Declarative programming vs Imperative programming

Are these examples, good examples to explain the difference between declarative programming and imperative programming

Yes, your streaming API example is somewhat declarative. But it might be too simple to understand the difference between declarative and imperative.

A good declarative example can be given using the kotlinx-html library.

Imperative example:

fun printPage(h1Text: String?, items: List<String>) {
    print("<html>")
    print("<head></head>")
    print("<body>")
    if (h1Text != null) {
        print("<h1>" + h1Text + "</h1>")
    }

    print("<ul>")
    for (item in items) {
        print("<li>" item  "</li>")
    }
    print("</ul>")
    print("</body>")
    print("</html>")
}

Same example, but declarative with kotlinx-html:

fun printPage(h1Text: String?, items: List<String>)  = System.out.appendHtml {
    html {
        head { }
        body {
            h1Text?.let {
                h1 { +it }
            }

            ul {
                items.forEach {
                    li { +it }
                }
            }
        }
    }
}

Both examples are kotlin code, and print the same html to the standard out.

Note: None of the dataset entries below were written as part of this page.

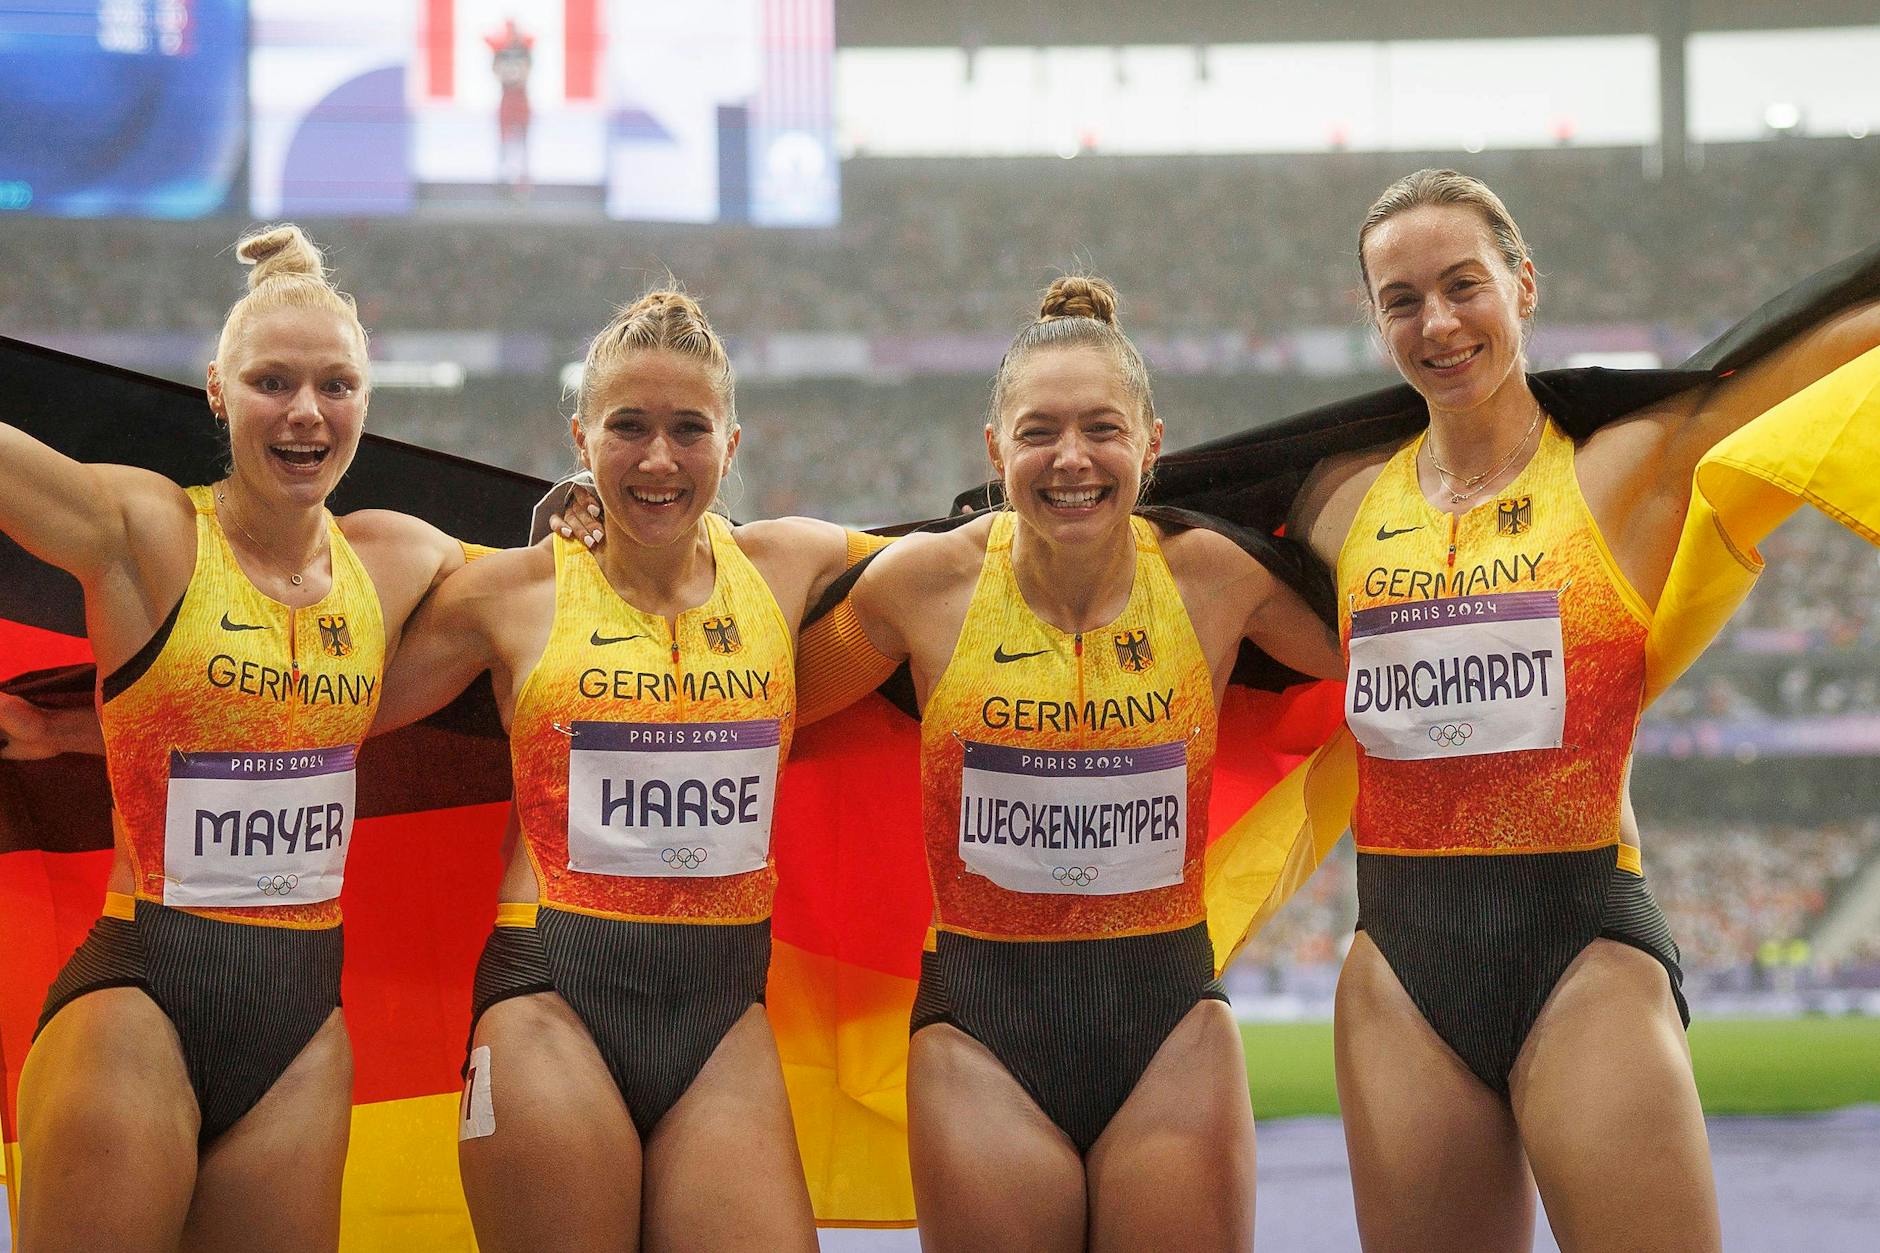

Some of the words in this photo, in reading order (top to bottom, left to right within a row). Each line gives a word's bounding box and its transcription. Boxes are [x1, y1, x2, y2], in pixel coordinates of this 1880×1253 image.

[1365, 552, 1544, 600] GERMANY
[1447, 601, 1497, 618] 2024
[207, 654, 376, 706] GERMANY
[579, 668, 770, 702] GERMANY
[1353, 650, 1553, 714] BURGHARDT
[982, 688, 1174, 733] GERMANY
[693, 729, 738, 744] 2024
[290, 755, 324, 771] 2024
[1085, 755, 1133, 770] 2024
[601, 775, 760, 827] HAASE
[963, 794, 1179, 849] LUECKENKEMPER
[194, 802, 344, 856] MAYER
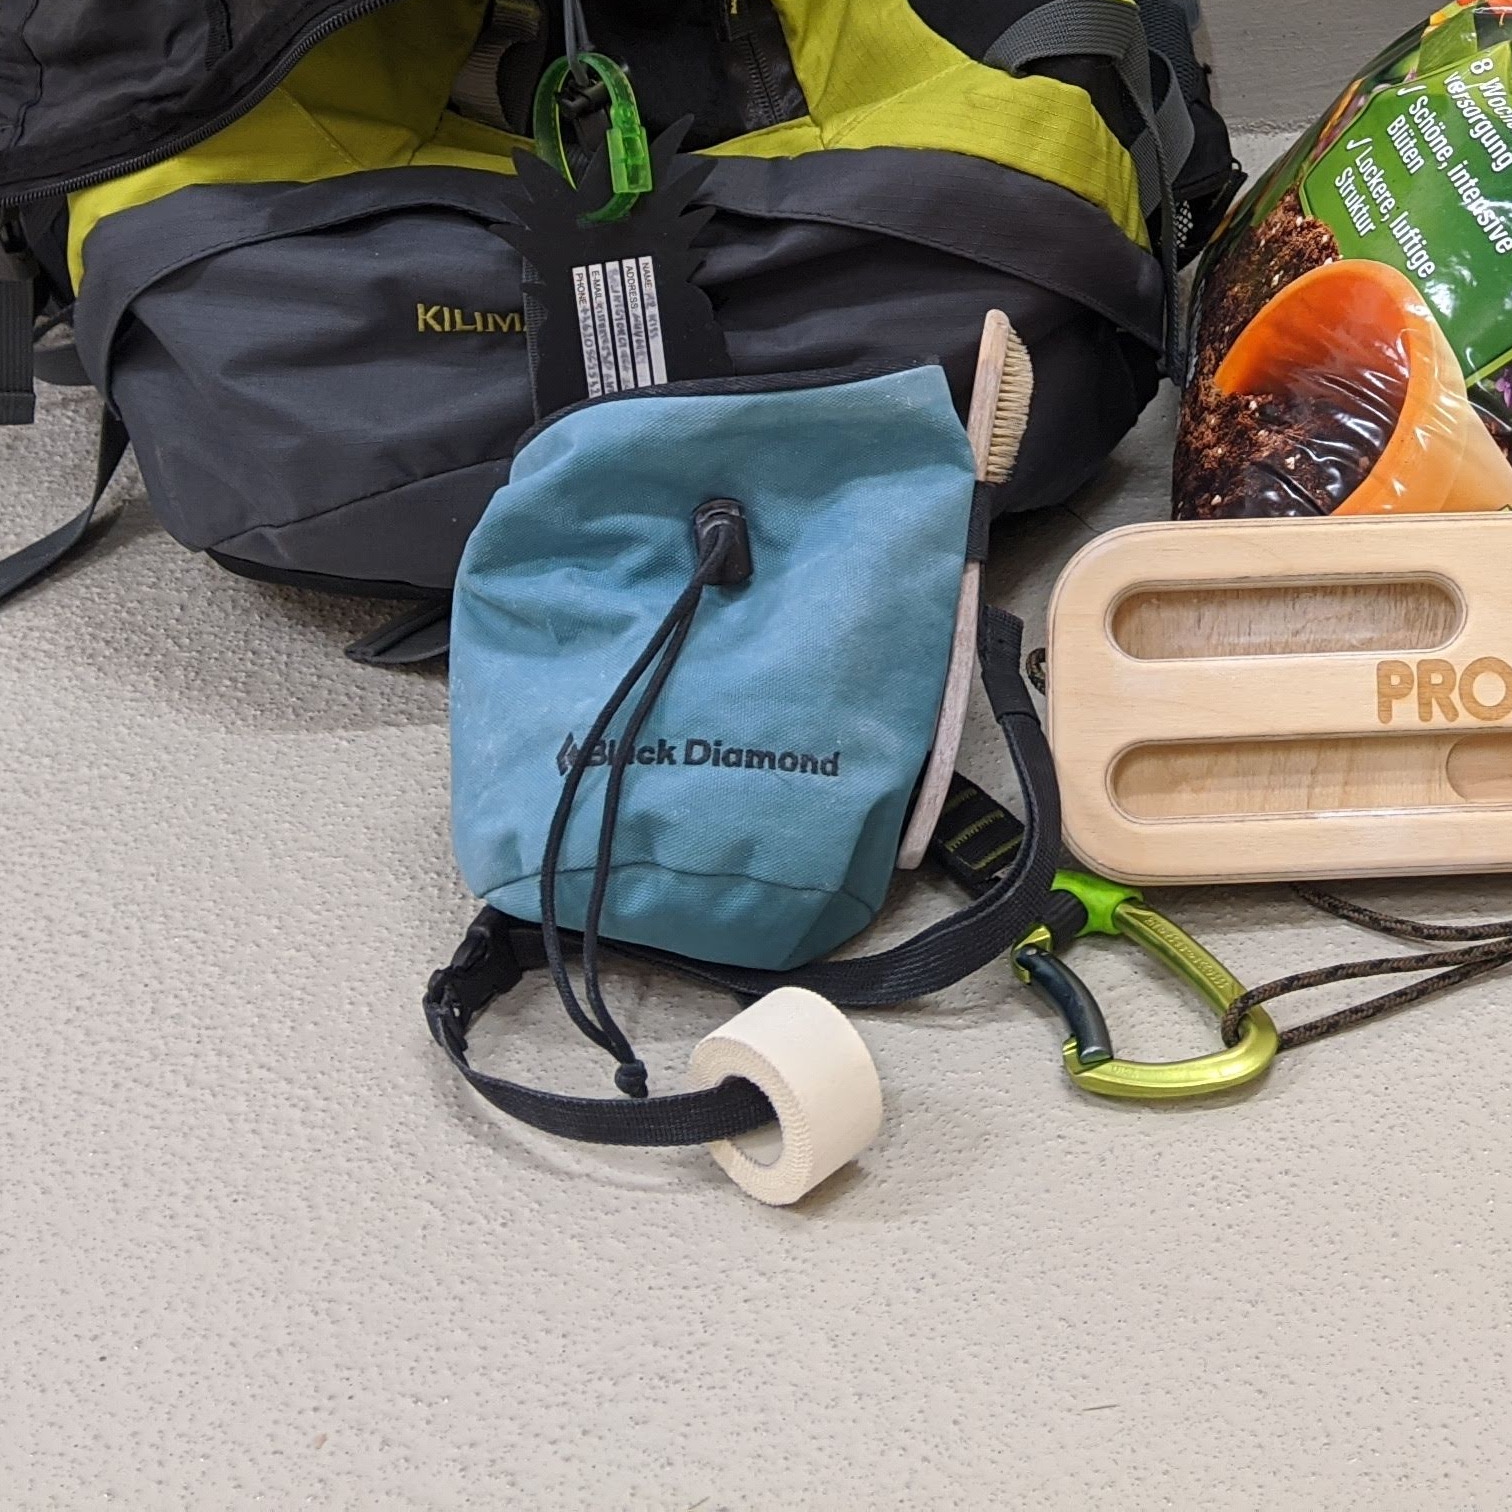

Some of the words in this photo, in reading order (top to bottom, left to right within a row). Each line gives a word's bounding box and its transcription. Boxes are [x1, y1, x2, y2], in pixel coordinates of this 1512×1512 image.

[1470, 58, 1494, 75] 8
[1387, 115, 1425, 174] Blüten
[1409, 95, 1453, 170] Schöne,
[1335, 166, 1376, 237] Struktur
[1355, 146, 1396, 222] Lockere,
[1389, 211, 1436, 278] luftige
[684, 738, 840, 777] Diamond

In the first example, it is very obvious how this is achieved. In the second example, the “how” is hidden away. It focuses on the “what”. The “how” vs “what” is often the differences between imperative and declarative programming.

if in the implementation [of the library] the logic is imperative style, even if I’m just using it, is my code still declarative?

It does not matter what paradigm was used to implement the kotlinx-html API (imperative, declarative, functional, oop, or a mix). The example code above is declarative in any case. In the end, every declarative framework is implemented on machine code, which is highly imperative mostly.